Fifi, Fev & Nick
- Genre: Comedy
- Running time: 3 hours (6:00 am – 9:00 am)
- Country of origin: Australia
- Language: English
- Home station: 101.9 The Fox
- Starring: Fifi Box Brendan Fevola Nick Cody
- Directed by: Leon Sjogren (Content Manager)
- Produced by: Gemma Prendergast Daniel Garisto Azzan Schuster
- Executive producer: James Blake
- Recording studio: South Melbourne
- Original release: 18 January 2021 – present
- Podcast: https://podcasts.apple.com/au/podcast/fifi-fev-nick/id266980869

= Fifi, Fev & Nick =

Australian morning radio show

Fifi, Fev & Nick is an Australian breakfast radio show on 101.9 The Fox in Melbourne, Victoria, Australia. It is hosted by Fifi Box, Brendan Fevola and Nick Cody with anchor Josiah Shala. The show began on 20 January 2014 as Fifi & Dave, replacing The Matt & Jo Show.

The show airs from 6 am to 9 am on weekday mornings with music and daily topic discussions and special guests. A highlights package of the show, Fifi, Fev & Nick's Happy Hour airs weeknights from 6pm to 7pm across the Hit Network.

A daily podcast featuring the best bits from each show is available on LiSTNR as is the podcast for all Hit Network breakfast shows in Australia.

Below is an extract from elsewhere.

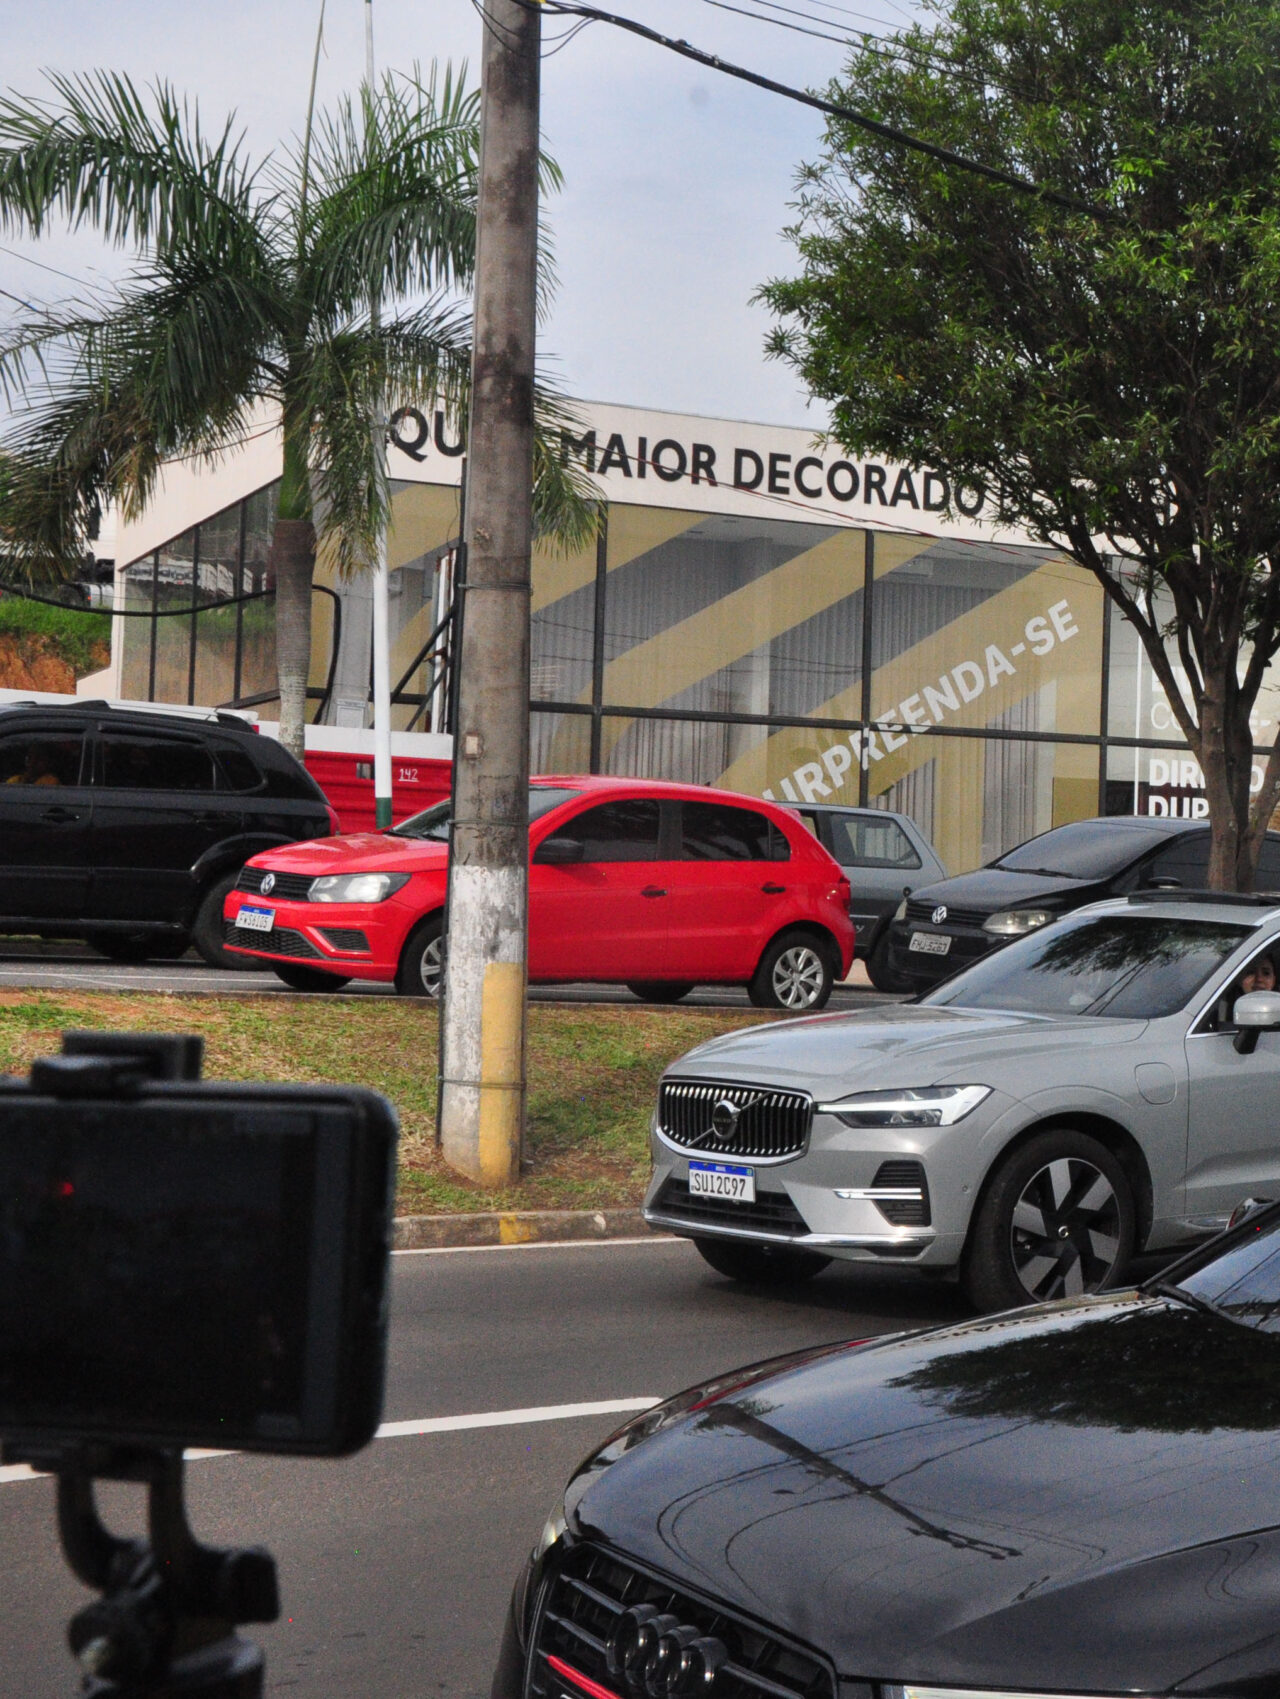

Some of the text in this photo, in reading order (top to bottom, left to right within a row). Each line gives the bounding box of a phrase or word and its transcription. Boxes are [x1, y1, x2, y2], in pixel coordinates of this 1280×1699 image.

[559, 430, 717, 487] MAIOR
[734, 448, 985, 517] DECORADO
[399, 768, 418, 780] 142

News, sport, weather and traffic updates are presented by Alexandra Bryant.

==History==

=== Fifi & Dave ===
The show was founded in January 2014, replacing The Matt & Jo Show with Matt Tilley and Jo Stanley. Prior to joining the breakfast show Fifi Box was host of Fifi and Jules with Jules Lund. Dave Thornton previously filled in for Matt Tilley when he was sick and hosted Mamamia Today with Em Rusciano, and anchor Dan Anstey moved from rival station Nova 100 to Fox FM to anchor the show.

Kylie Minogue was the first guest on the show.

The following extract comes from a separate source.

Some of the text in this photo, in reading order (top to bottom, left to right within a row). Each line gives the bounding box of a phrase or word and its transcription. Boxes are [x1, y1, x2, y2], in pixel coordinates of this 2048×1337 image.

In December 2015, Southern Cross Austereo announced that Dan Anstey would leave the show; he was replaced by Sea FM's Byron Cooke.

In April 2016, Brendan Fevola joined the show as host, and the show renamed to Fifi, Dave & Fev.

=== Fifi, Fev & Byron ===
In January 2017, anchor Byron Cooke was added to the show's title, and it was renamed to Fifi, Dave, Fev & Byron. In September 2017, Dave Thornton announced his resignation from Fox FM.

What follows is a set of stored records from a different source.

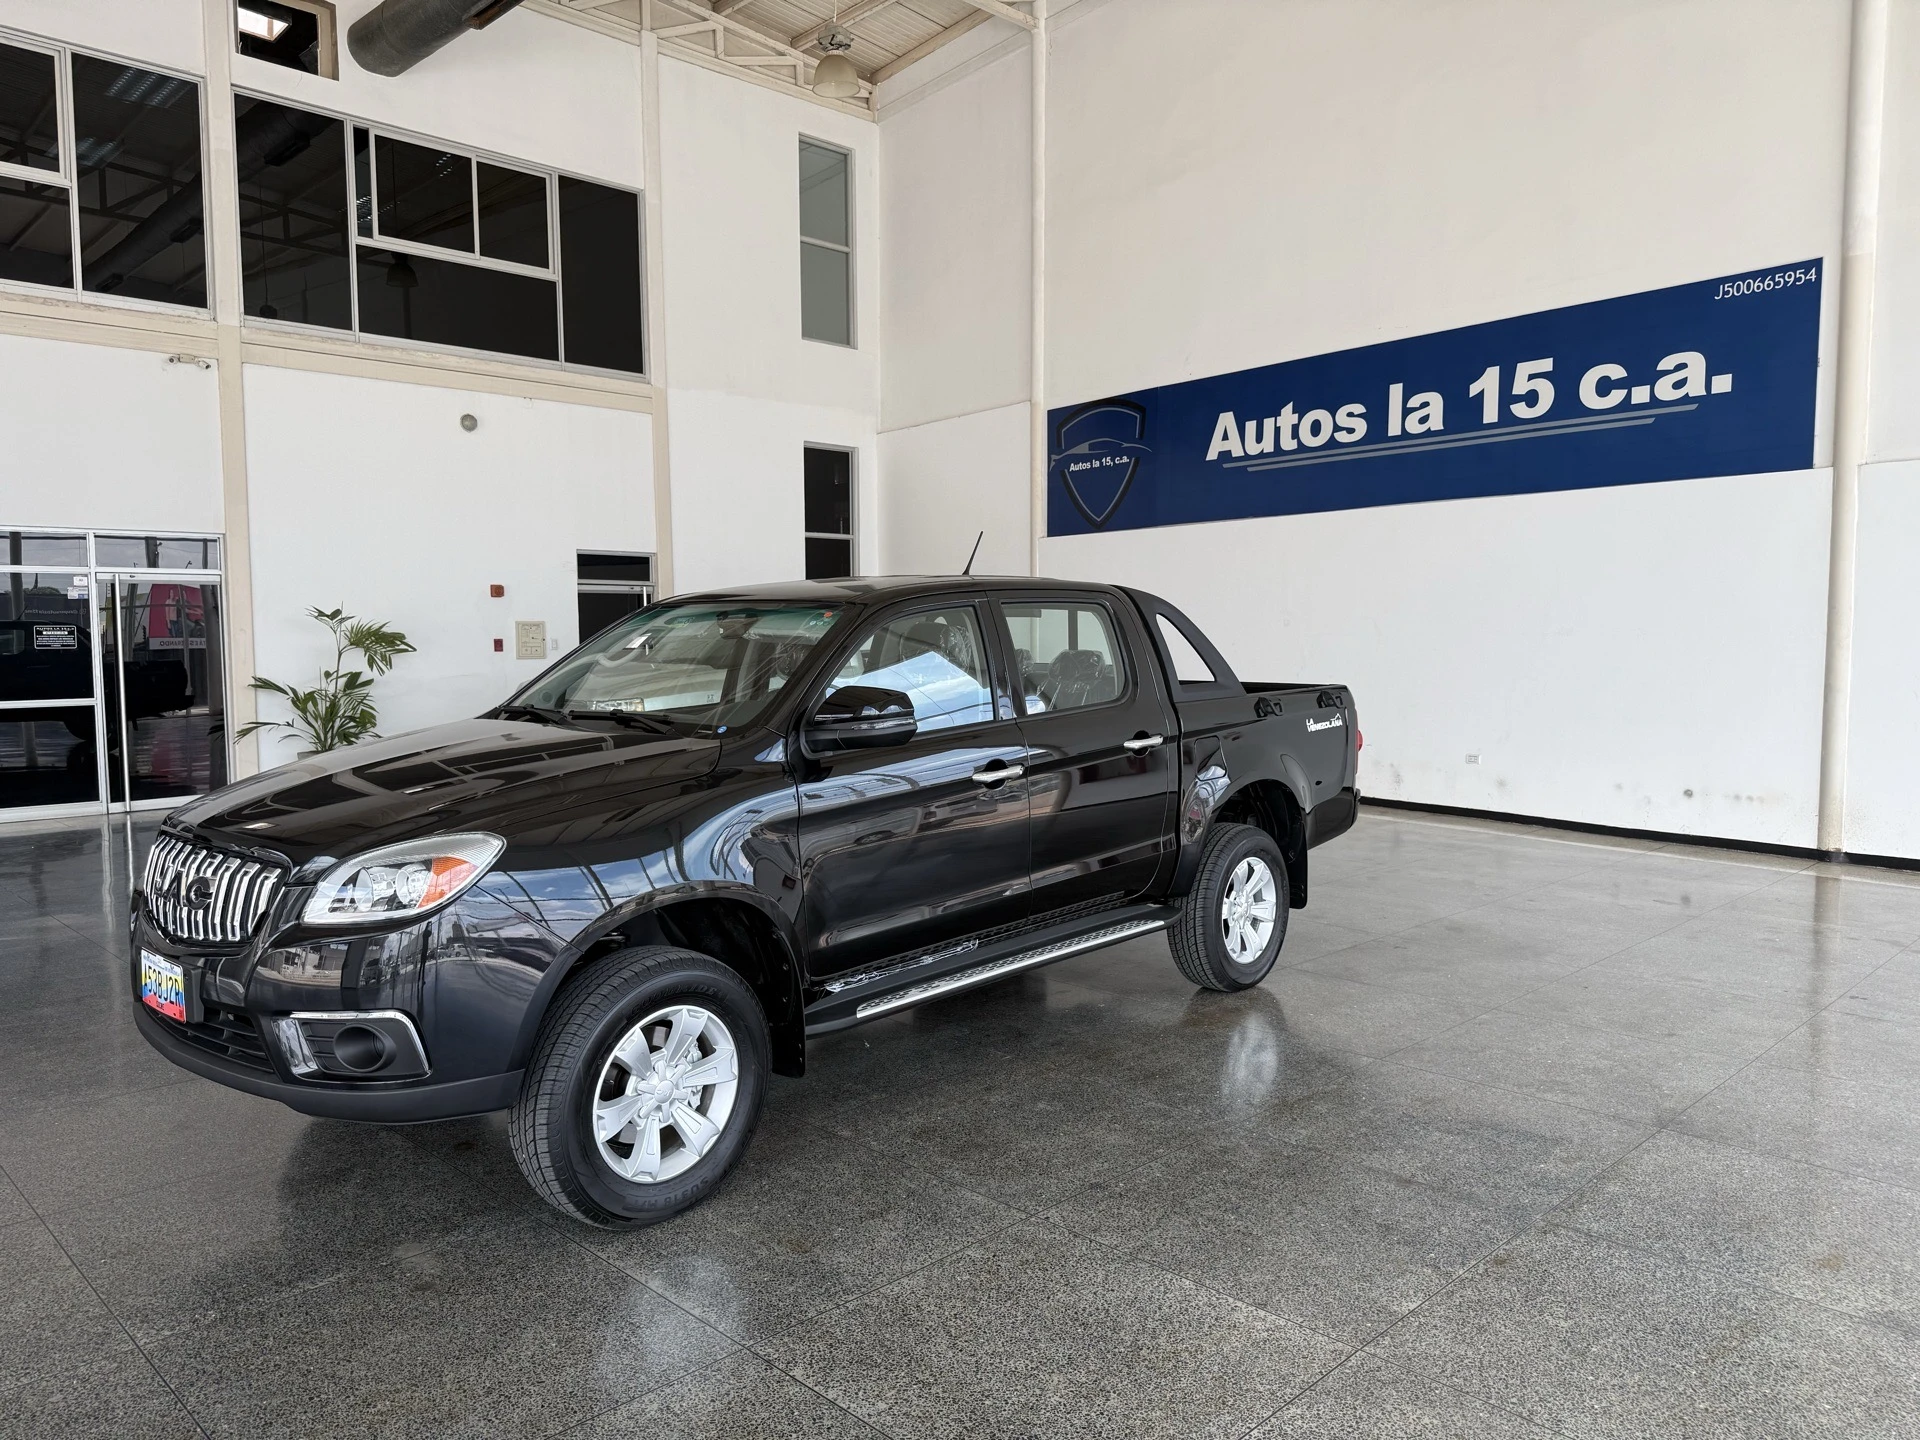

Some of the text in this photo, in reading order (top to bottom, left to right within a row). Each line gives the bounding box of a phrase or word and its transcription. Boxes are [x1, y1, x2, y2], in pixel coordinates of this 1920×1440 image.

[1714, 266, 1817, 300] J500665954
[1205, 349, 1733, 461] Autos la 15 c.a.
[1069, 462, 1091, 472] Autos
[1092, 459, 1100, 468] la
[1115, 455, 1130, 464] c.a.
[143, 963, 182, 1008] A53BJ2R

In June 2019, Southern Cross Austereo announced that Yvie Jones would fill in for Fifi Box while she was on maternity leave. Box returned from maternity leave on 16 September 2019.

=== Fifi, Fev & Nick ===
In November 2020, Cooke had announced his departure from the show on air for personal reasons and to also seek new challenges. Cooke's replacement was announced as comedian Nick Cody. Fifi, Fev & Nick commenced from 18 January 2021.

In February 2021, Josiah Shala joined the show as anchor.

In June 2023, the show earned a Guinness World Record for Longest marathon for a radio music show DJ (team)
after broadcasting for 27 Hours and adhering to strict guidelines.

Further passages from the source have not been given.